··· Material for this task

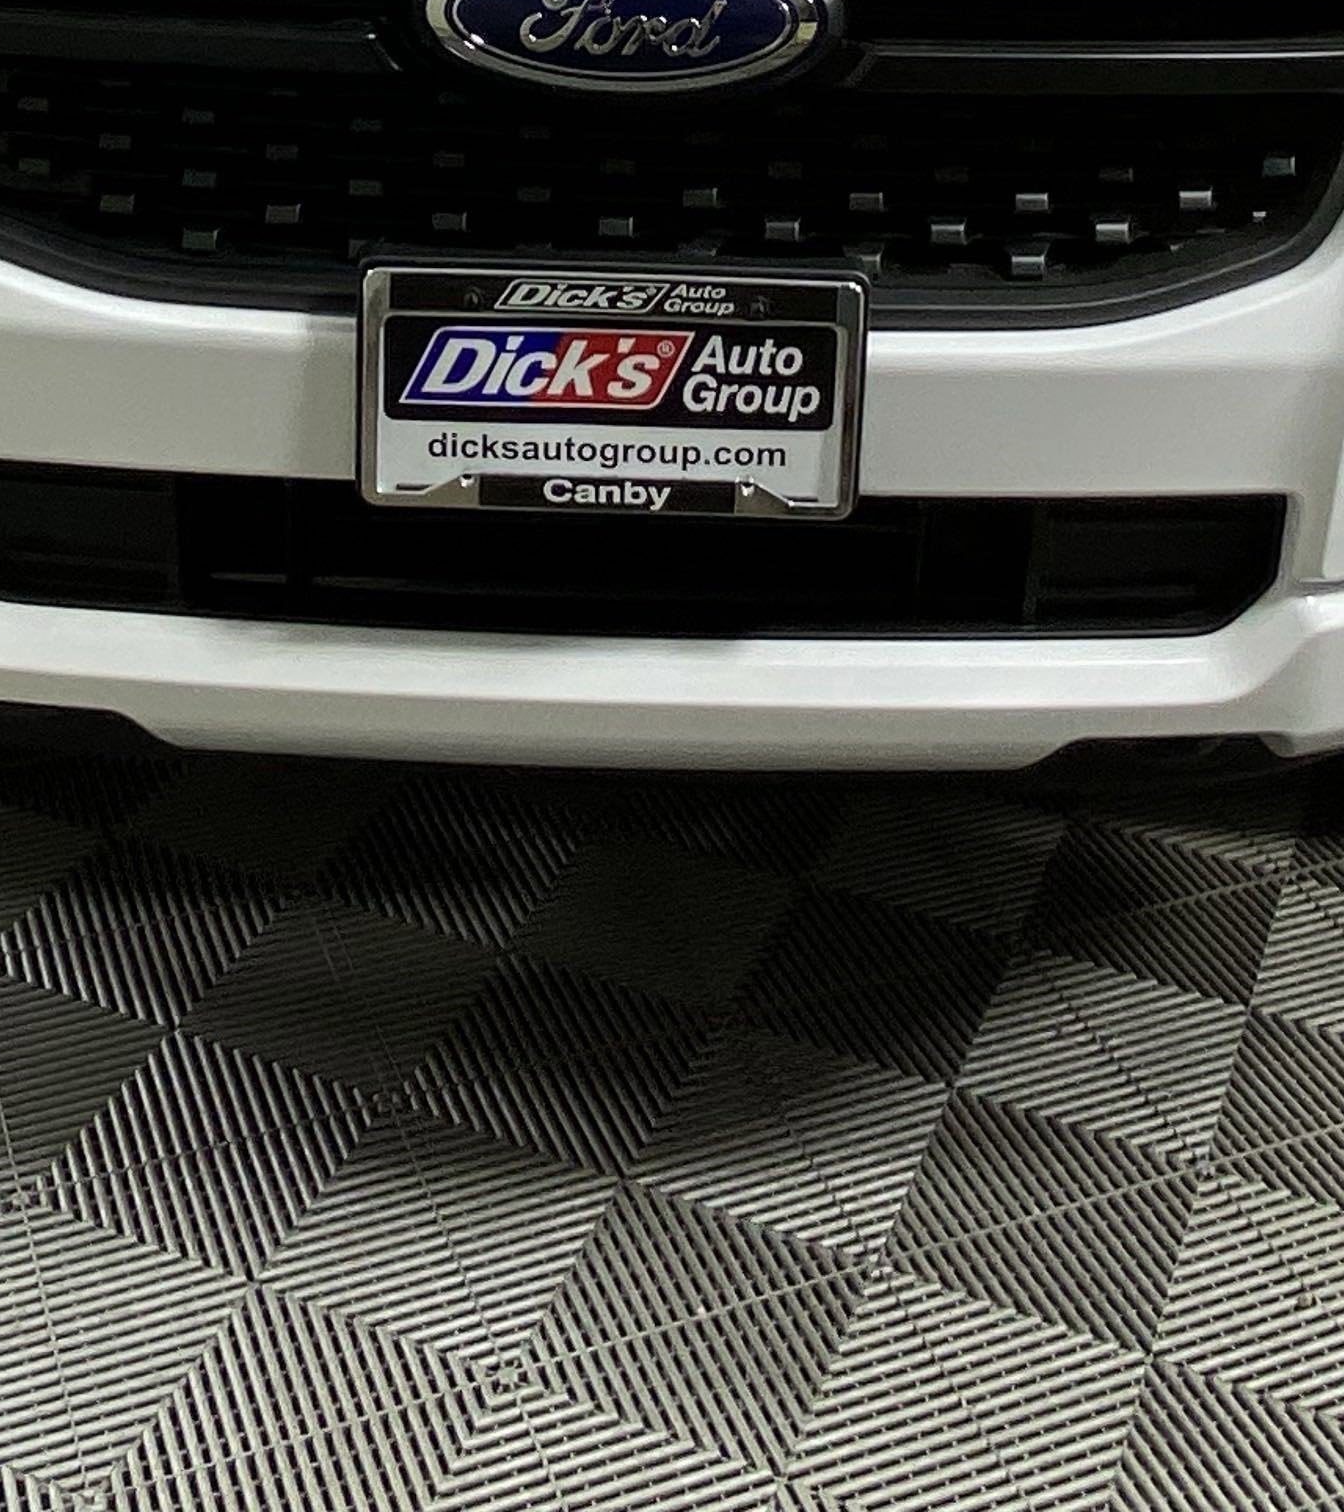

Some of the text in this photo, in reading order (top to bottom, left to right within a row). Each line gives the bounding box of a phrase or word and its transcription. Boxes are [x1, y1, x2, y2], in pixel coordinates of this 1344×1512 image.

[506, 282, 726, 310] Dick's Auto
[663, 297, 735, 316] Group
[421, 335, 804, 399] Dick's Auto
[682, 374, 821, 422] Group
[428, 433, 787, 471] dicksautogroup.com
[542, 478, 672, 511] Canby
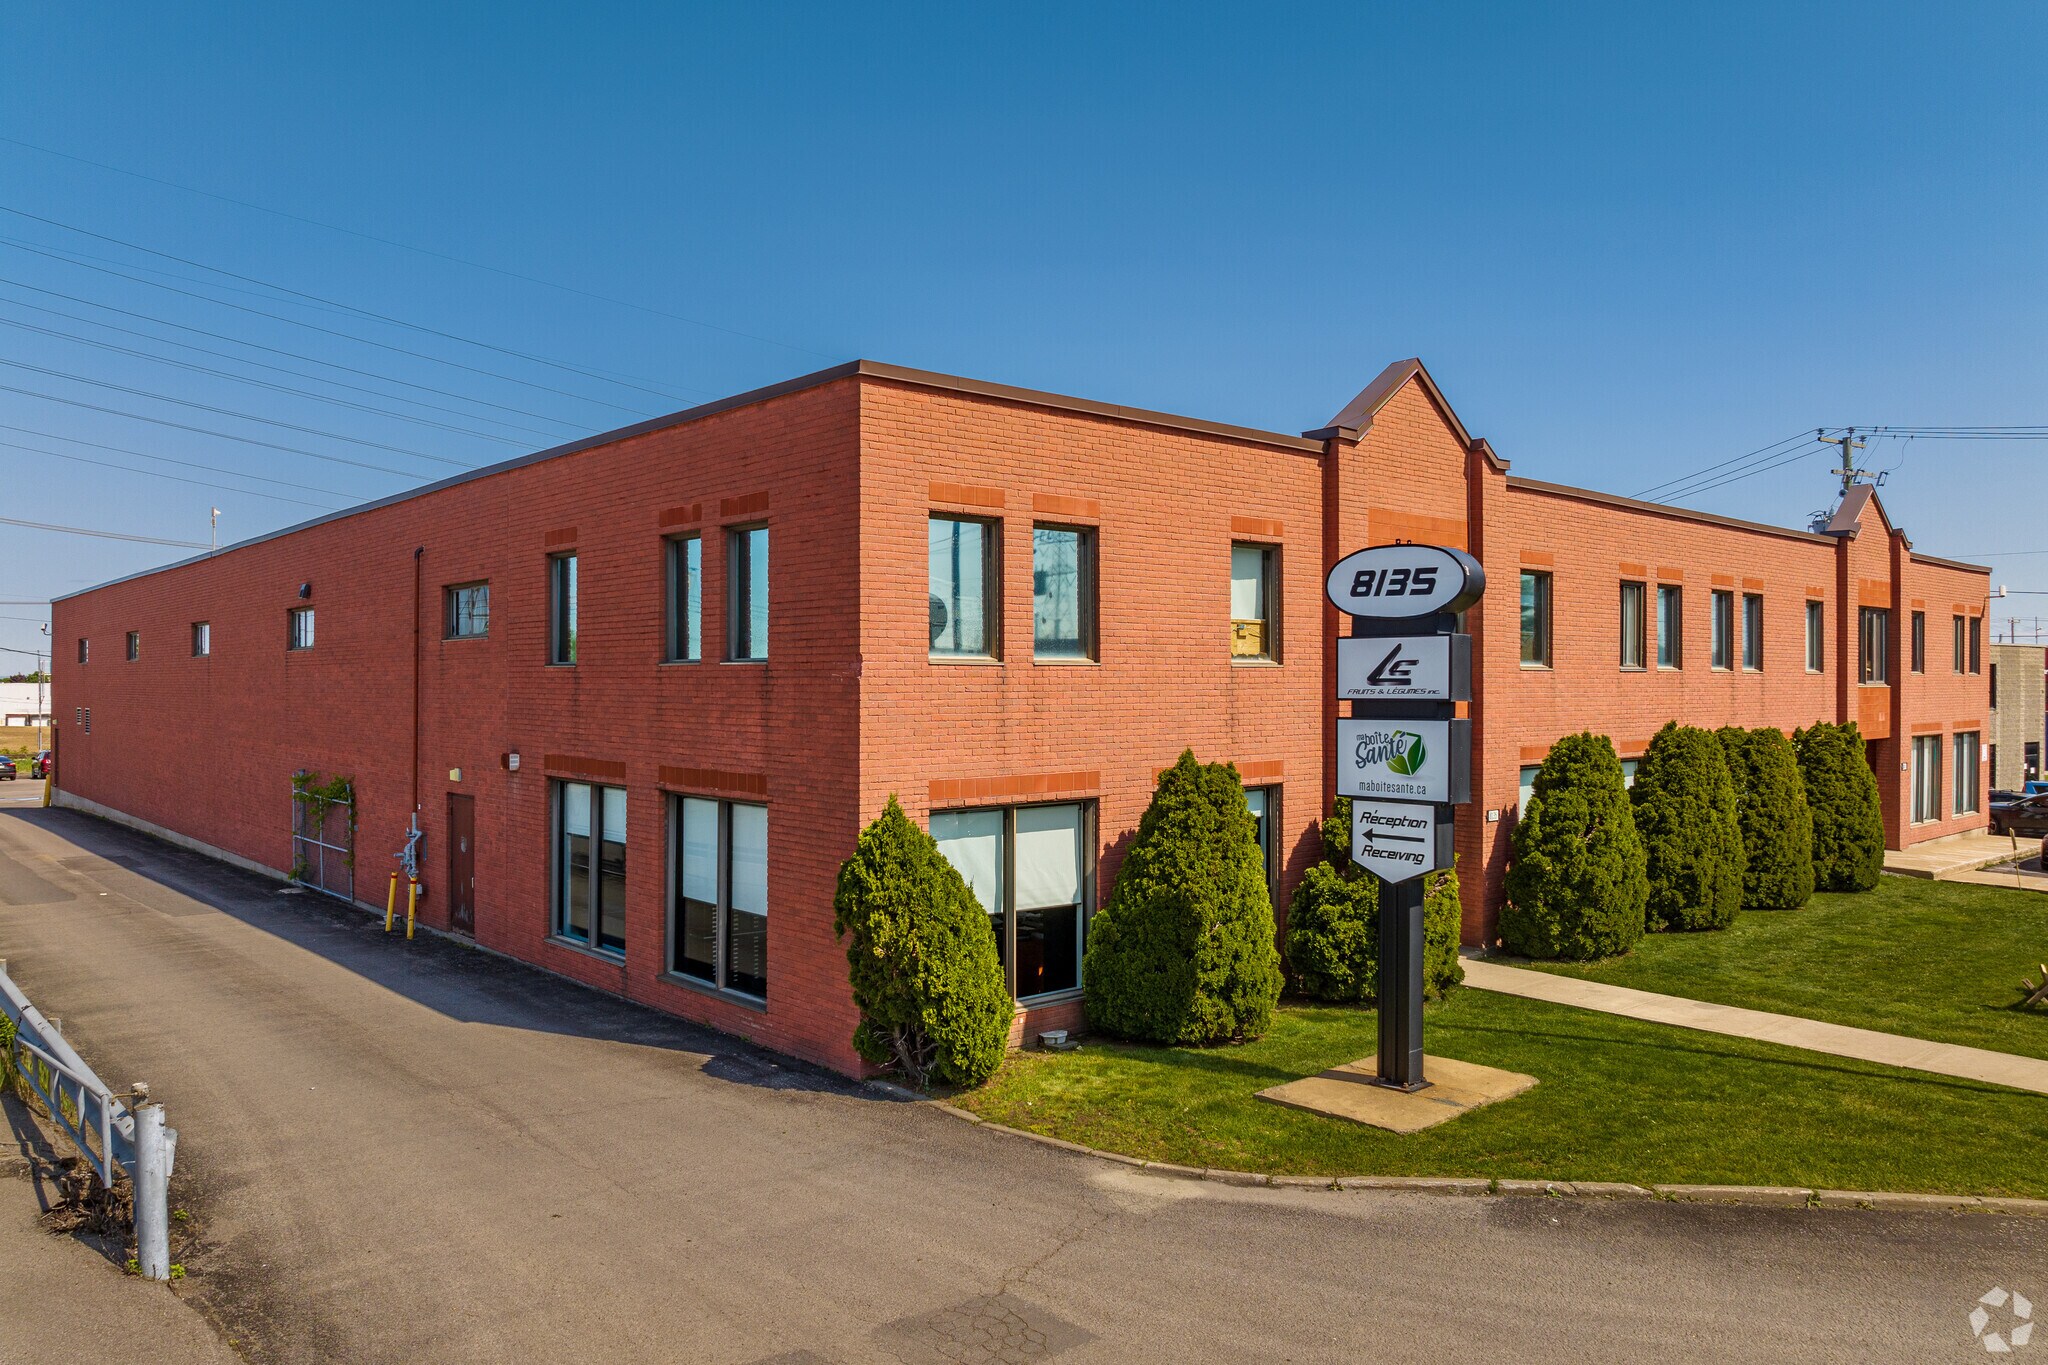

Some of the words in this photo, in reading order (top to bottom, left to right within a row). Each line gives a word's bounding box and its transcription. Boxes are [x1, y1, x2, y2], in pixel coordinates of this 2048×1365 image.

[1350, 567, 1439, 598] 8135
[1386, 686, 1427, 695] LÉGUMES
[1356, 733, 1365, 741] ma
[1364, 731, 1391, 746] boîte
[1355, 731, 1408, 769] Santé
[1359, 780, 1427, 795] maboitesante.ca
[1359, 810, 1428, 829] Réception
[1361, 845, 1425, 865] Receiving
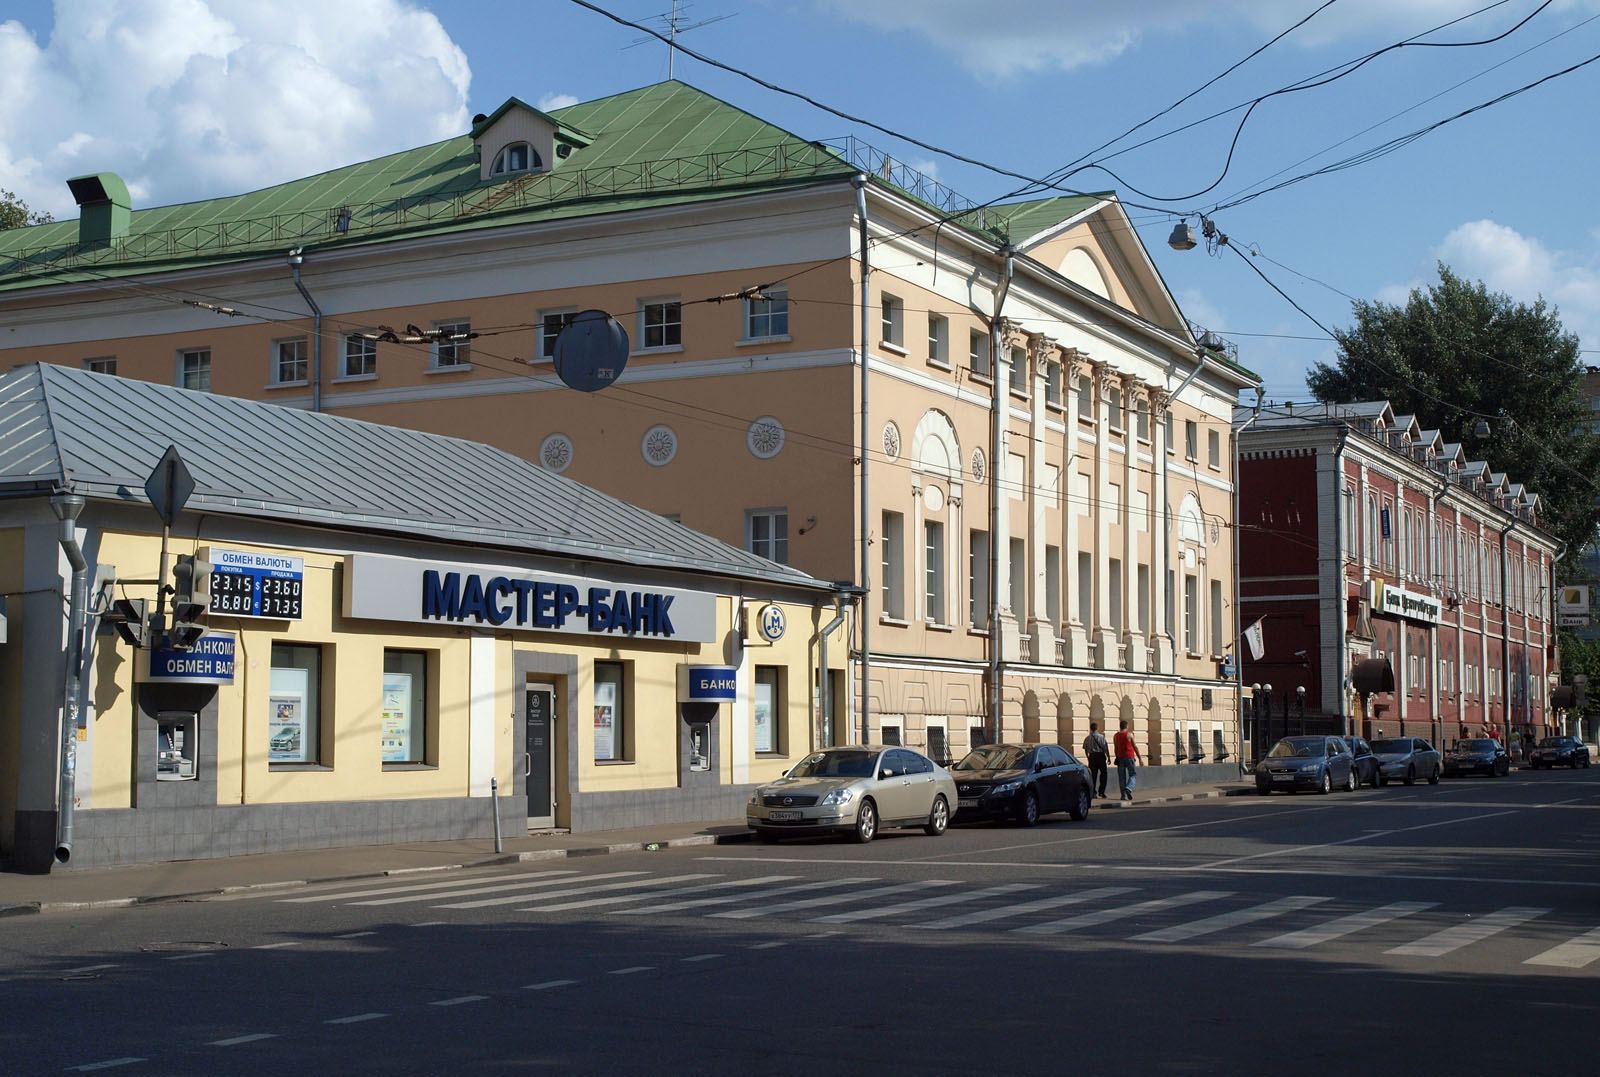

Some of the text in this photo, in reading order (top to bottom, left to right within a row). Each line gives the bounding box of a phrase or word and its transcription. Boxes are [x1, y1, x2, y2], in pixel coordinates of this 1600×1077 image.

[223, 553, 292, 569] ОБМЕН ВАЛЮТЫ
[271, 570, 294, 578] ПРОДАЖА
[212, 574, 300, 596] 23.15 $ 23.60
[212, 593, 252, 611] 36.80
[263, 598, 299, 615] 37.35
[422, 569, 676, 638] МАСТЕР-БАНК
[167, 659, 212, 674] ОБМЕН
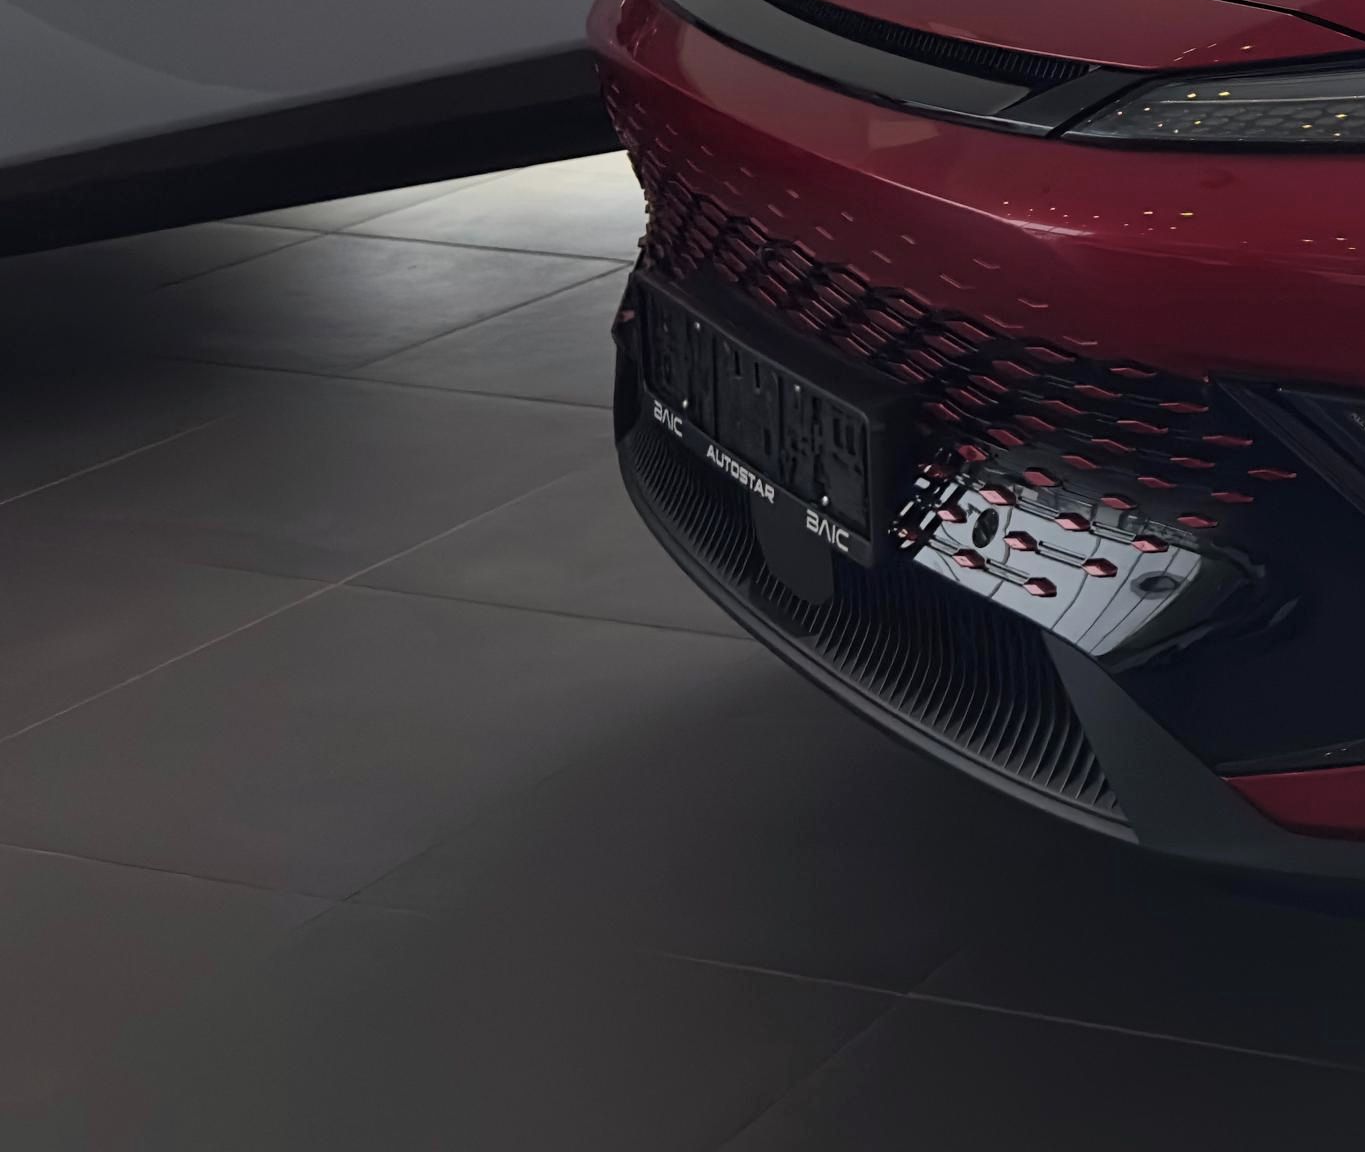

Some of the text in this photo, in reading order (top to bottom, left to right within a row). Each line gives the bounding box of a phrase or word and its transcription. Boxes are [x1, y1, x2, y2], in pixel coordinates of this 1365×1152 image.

······

● What needs to be done
Repeat every record above exactly, except the pictures.

● Output
Some of the text in this photo, in reading order (top to bottom, left to right within a row). Each line gives the bounding box of a phrase or word and its transcription. Boxes are [x1, y1, x2, y2], in pixel coordinates of this 1344×1512 image.

[506, 282, 726, 310] Dick's Auto
[663, 297, 735, 316] Group
[421, 335, 804, 399] Dick's Auto
[682, 374, 821, 422] Group
[428, 433, 787, 471] dicksautogroup.com
[542, 478, 672, 511] Canby

Some of the words in this photo, in reading order (top to bottom, left to right within a row). Each line gives a word's bounding box and its transcription. Boxes are [x1, y1, x2, y2], in pixel coordinates of this 2048×1365 image.

[1350, 567, 1439, 598] 8135
[1386, 686, 1427, 695] LÉGUMES
[1356, 733, 1365, 741] ma
[1364, 731, 1391, 746] boîte
[1355, 731, 1408, 769] Santé
[1359, 780, 1427, 795] maboitesante.ca
[1359, 810, 1428, 829] Réception
[1361, 845, 1425, 865] Receiving

Some of the text in this photo, in reading order (top to bottom, left to right within a row). Each line gives the bounding box of a phrase or word and its transcription. Boxes are [x1, y1, x2, y2], in pixel coordinates of this 1600×1077 image.

[223, 553, 292, 569] ОБМЕН ВАЛЮТЫ
[271, 570, 294, 578] ПРОДАЖА
[212, 574, 300, 596] 23.15 $ 23.60
[212, 593, 252, 611] 36.80
[263, 598, 299, 615] 37.35
[422, 569, 676, 638] МАСТЕР-БАНК
[167, 659, 212, 674] ОБМЕН

Some of the text in this photo, in reading order (top to bottom, left to right within a row). Each line gives the bounding box of a phrase or word and its transcription. Boxes are [x1, y1, x2, y2], in pixel coordinates of this 1365×1152 image.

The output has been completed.